-- DATA FOR THIS EXERCISE follows --
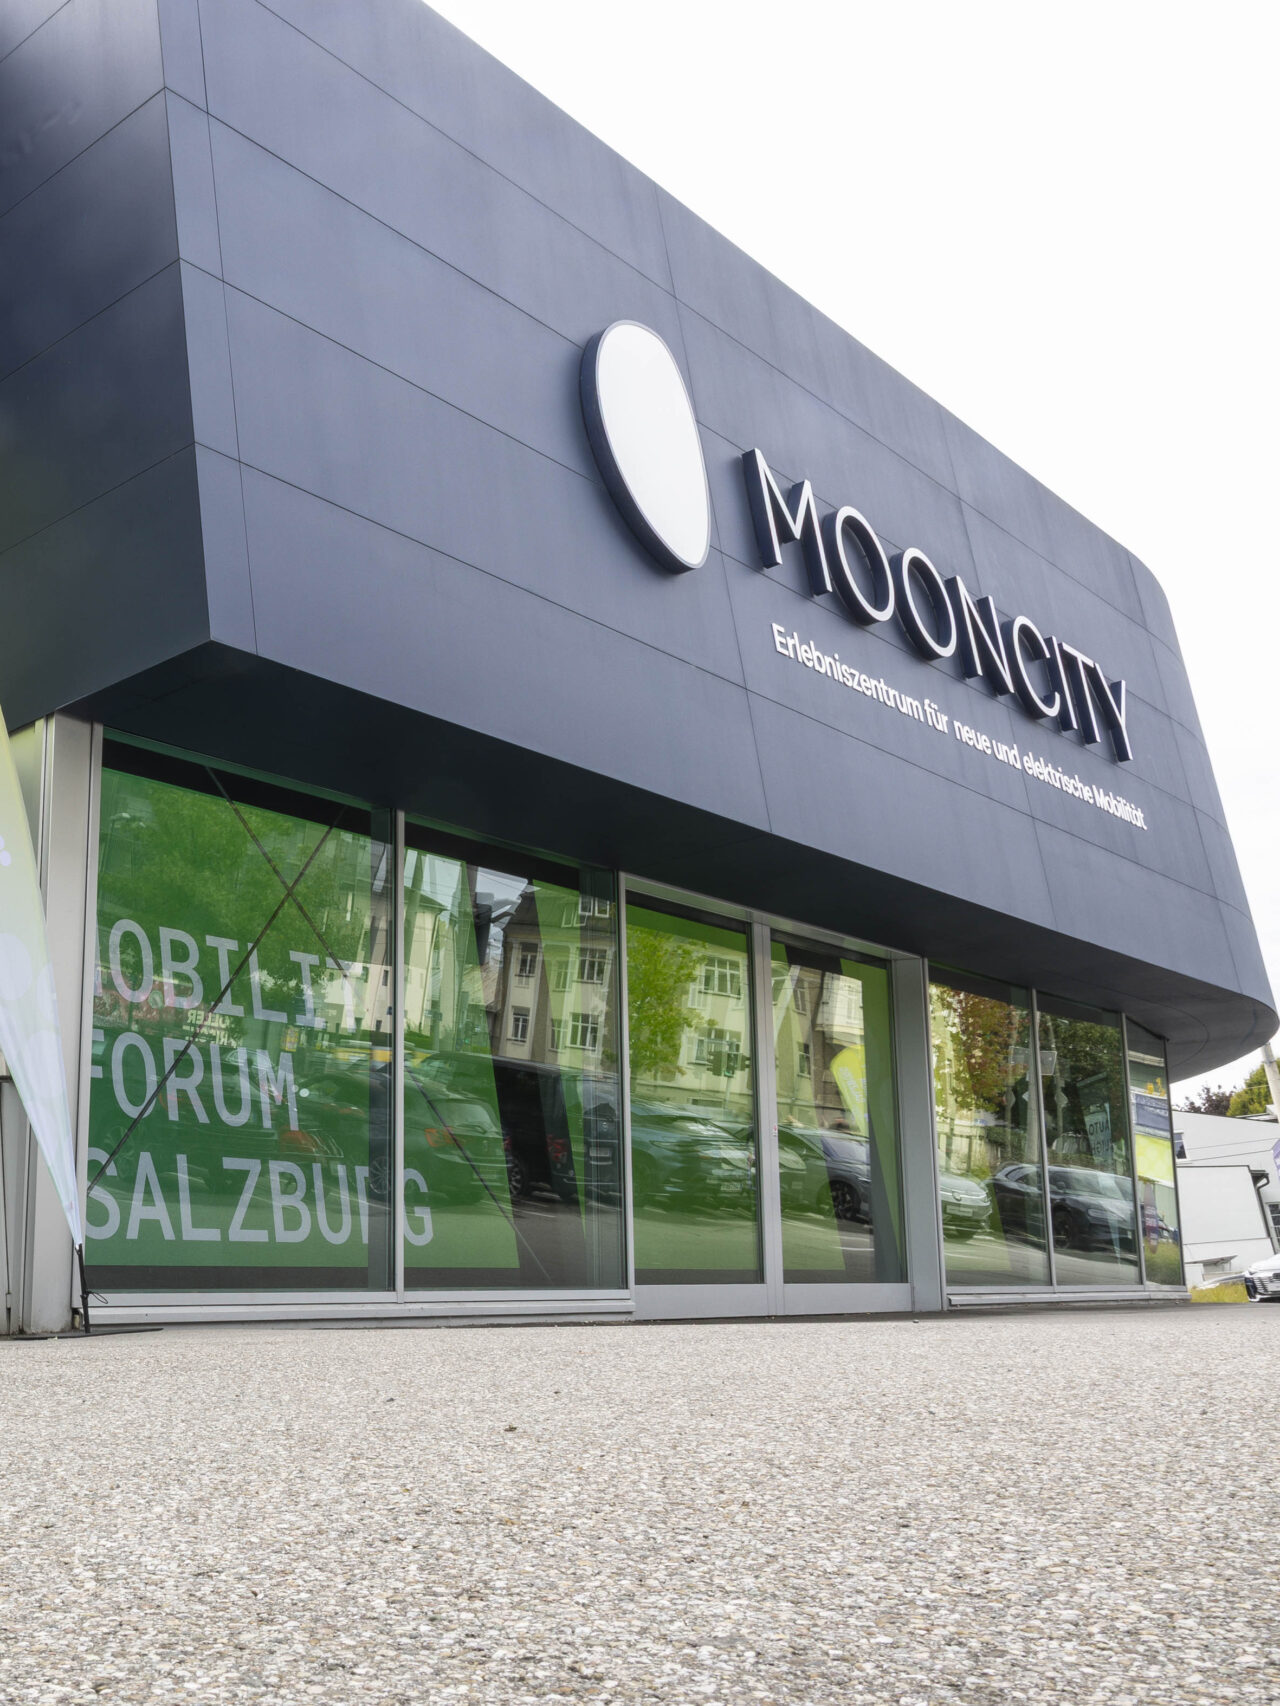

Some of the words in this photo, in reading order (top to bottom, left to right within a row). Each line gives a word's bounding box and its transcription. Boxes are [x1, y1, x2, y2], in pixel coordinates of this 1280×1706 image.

[740, 447, 1134, 764] MOONCITY
[771, 622, 923, 722] Erlebniszentrum
[924, 698, 949, 735] für
[953, 719, 992, 755] neue
[992, 739, 1022, 770] und
[1023, 751, 1094, 805] elektrische
[1093, 784, 1148, 831] Mobilität
[94, 918, 365, 1034] OBILIT
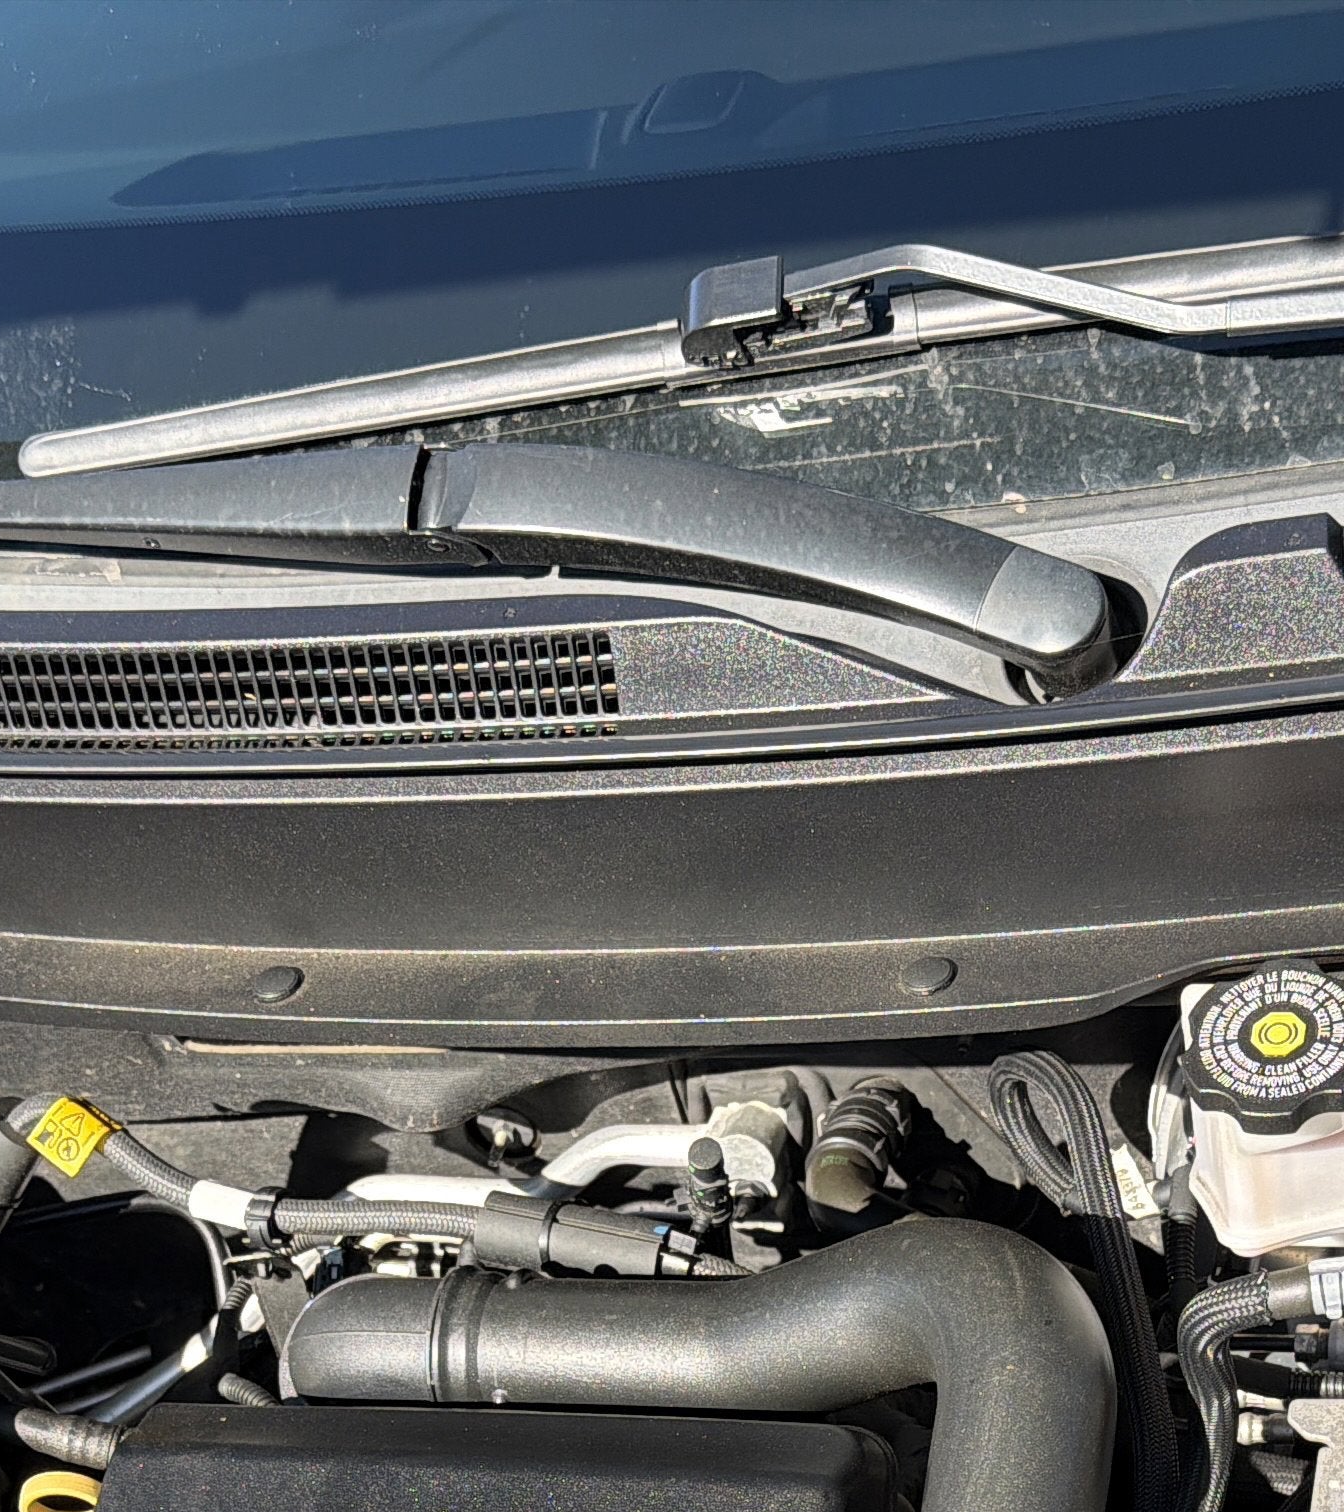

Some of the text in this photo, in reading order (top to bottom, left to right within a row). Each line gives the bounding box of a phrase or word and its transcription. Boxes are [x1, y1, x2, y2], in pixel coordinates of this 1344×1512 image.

[1220, 974, 1265, 1003] NETTOYER
[1266, 971, 1278, 983] LE
[1281, 969, 1326, 987] BOUCHON
[1242, 986, 1263, 1001] QUE
[1264, 982, 1278, 993] DU
[1281, 981, 1317, 997] LIQUIDE
[1314, 989, 1330, 1003] DE
[1323, 998, 1344, 1022] FREIN
[1226, 998, 1262, 1041] PROVENANT
[1265, 992, 1289, 1004] D'UN
[1290, 992, 1319, 1011] BIDON
[1213, 1045, 1229, 1060] CAP
[1265, 1062, 1298, 1076] CLEAN
[1296, 1042, 1327, 1069] FILLER
[1317, 1044, 1340, 1066] ONLY
[1209, 1066, 1235, 1088] FLUID
[1230, 1081, 1259, 1098] FROM
[1258, 1087, 1267, 1099] A
[1268, 1081, 1306, 1099] SEALED
[1220, 1058, 1253, 1084] BEFORE
[1302, 1061, 1324, 1078] USE
-- DATA FOR THIS EXERCISE concluded --
> WHAT IS REQUIRED
Please return the whole listing exactly. Do not copy its images.

> EXERCISE RESULT
Some of the words in this photo, in reading order (top to bottom, left to right within a row). Each line gives a word's bounding box and its transcription. Boxes are [x1, y1, x2, y2], in pixel coordinates of this 1280×1706 image.

[740, 447, 1134, 764] MOONCITY
[771, 622, 923, 722] Erlebniszentrum
[924, 698, 949, 735] für
[953, 719, 992, 755] neue
[992, 739, 1022, 770] und
[1023, 751, 1094, 805] elektrische
[1093, 784, 1148, 831] Mobilität
[94, 918, 365, 1034] OBILIT

Some of the text in this photo, in reading order (top to bottom, left to right within a row). Each line gives the bounding box of a phrase or word and its transcription. Boxes are [x1, y1, x2, y2], in pixel coordinates of this 1344×1512 image.

[1220, 974, 1265, 1003] NETTOYER
[1266, 971, 1278, 983] LE
[1281, 969, 1326, 987] BOUCHON
[1242, 986, 1263, 1001] QUE
[1264, 982, 1278, 993] DU
[1281, 981, 1317, 997] LIQUIDE
[1314, 989, 1330, 1003] DE
[1323, 998, 1344, 1022] FREIN
[1226, 998, 1262, 1041] PROVENANT
[1265, 992, 1289, 1004] D'UN
[1290, 992, 1319, 1011] BIDON
[1213, 1045, 1229, 1060] CAP
[1265, 1062, 1298, 1076] CLEAN
[1296, 1042, 1327, 1069] FILLER
[1317, 1044, 1340, 1066] ONLY
[1209, 1066, 1235, 1088] FLUID
[1230, 1081, 1259, 1098] FROM
[1258, 1087, 1267, 1099] A
[1268, 1081, 1306, 1099] SEALED
[1220, 1058, 1253, 1084] BEFORE
[1302, 1061, 1324, 1078] USE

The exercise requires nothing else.